D’où le projet d’une recherche que nous avons entreprise
dans le cadre d’une collaboration entre le LDES de l’université
de Genève et l’université de Nice : proposer des outils
pour permettre aux étudiants et aux jeunes chercheurs de maîtriser
l’information.
Le résultat : un premier livre publié par les éditions
Delachaux et Niestlé et intitulé Maitriser l’information
scientifique et médicale (de 228 pages) où l’on trouve
une série de conseils sur de multiples points. D’autres suivront
pour faire le tour des questions évoquées ci-dessus.
D’abord, identifier un document pertinent, c’est-à-dire
“utile” pour le travail projeté, n’est pas une
fin en soi. Encore faut-il savoir l’utiliser ! La tendance spontanée
est une lecture exhaustive et linéaire : l’étudiant
avale l’article du début jusqu’à la fin et il
se demande combien de temps il devra passer sur un livre de plusieurs
centaines de pages. S’il lit sans prendre de notes, son attention
se relâche et il risque de passer à côté des
informations utiles. S’il prend des notes, il a tendance à
perdre de vue l’idée générale, ne sait pas
trier et accumule des détails inutiles.
Un document se visite comme une exposition, on prend connaissance des
lieux et on repère ce qui est digne d’attention.
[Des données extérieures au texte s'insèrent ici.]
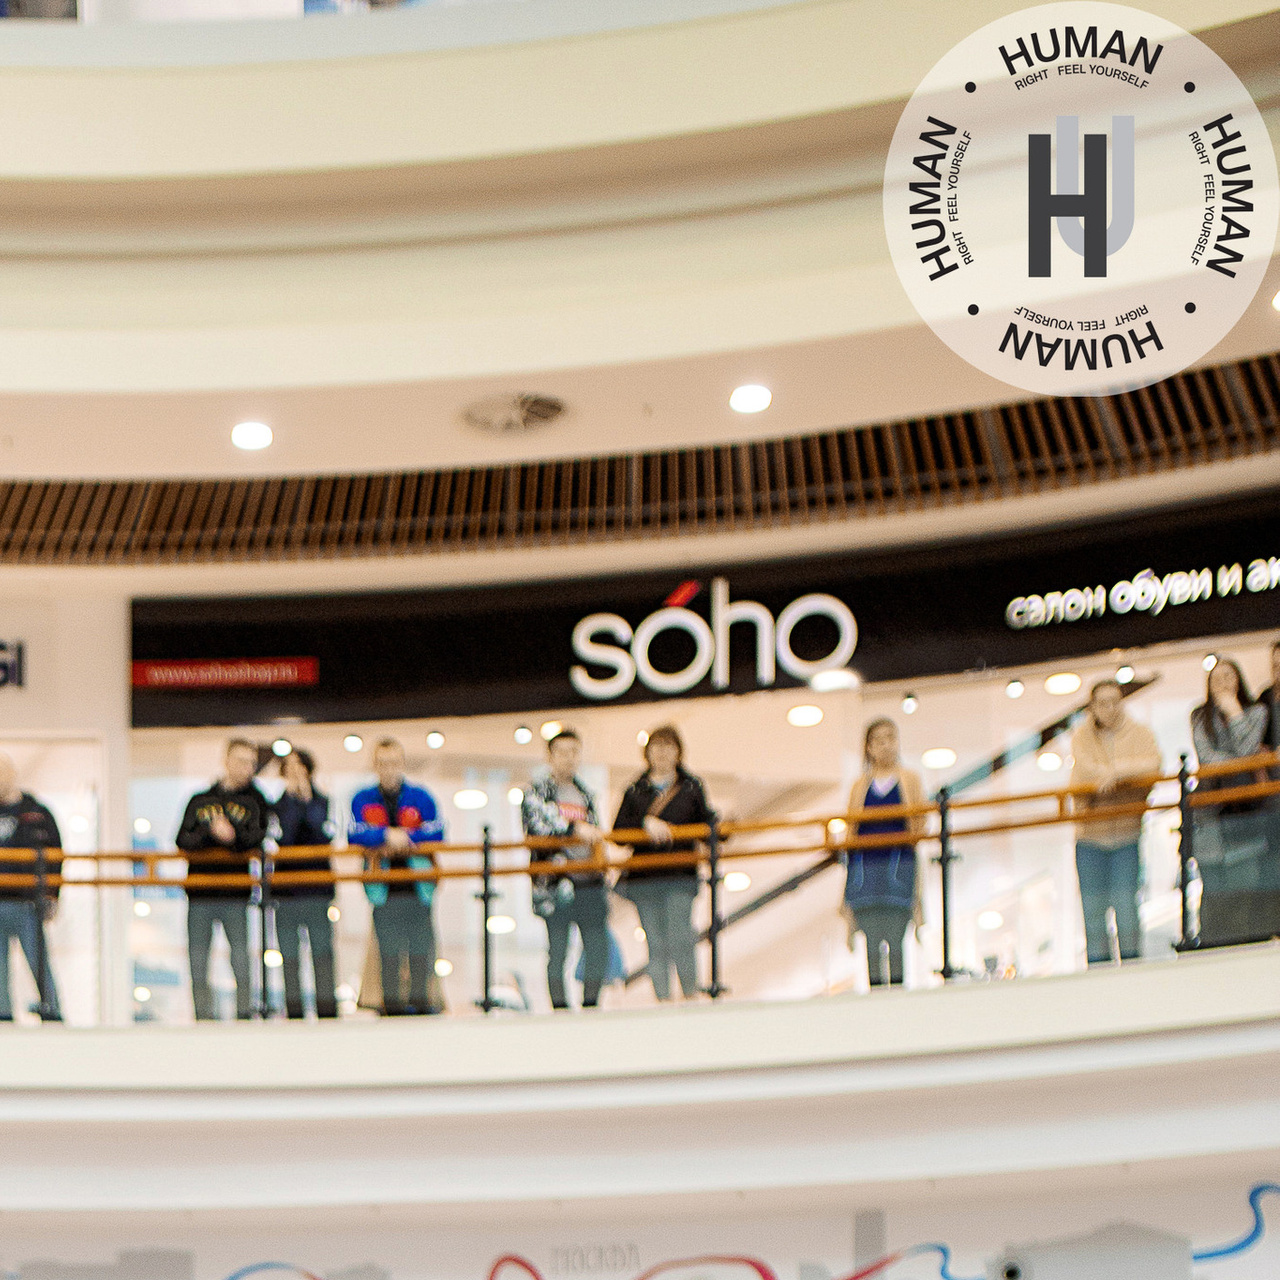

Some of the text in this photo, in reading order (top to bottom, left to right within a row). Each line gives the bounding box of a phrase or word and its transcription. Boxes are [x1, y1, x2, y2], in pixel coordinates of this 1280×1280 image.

[1005, 584, 1107, 630] салон
[1109, 568, 1213, 617] обуви
[1216, 562, 1243, 598] и
Ainsi, il
faut comprendre la structure d’un document et son organisation avant
de rechercher l’information utile. Il existe des aides pour ce repérage
: résumé, introduction, conclusion, intertitres, illustrations
pour un article, table des matières, index, glossaire… pour
un livre.
Ensuite, en “vrac” que retirer d’une lecture même
conduite avec discernement ? Comment reconnaître les idées
principales des idées secondaires ? Comment réaliser un
résumé analytique qui représente un bon équilibre
entre une sous-information frustrante ou une sur-information dommageable.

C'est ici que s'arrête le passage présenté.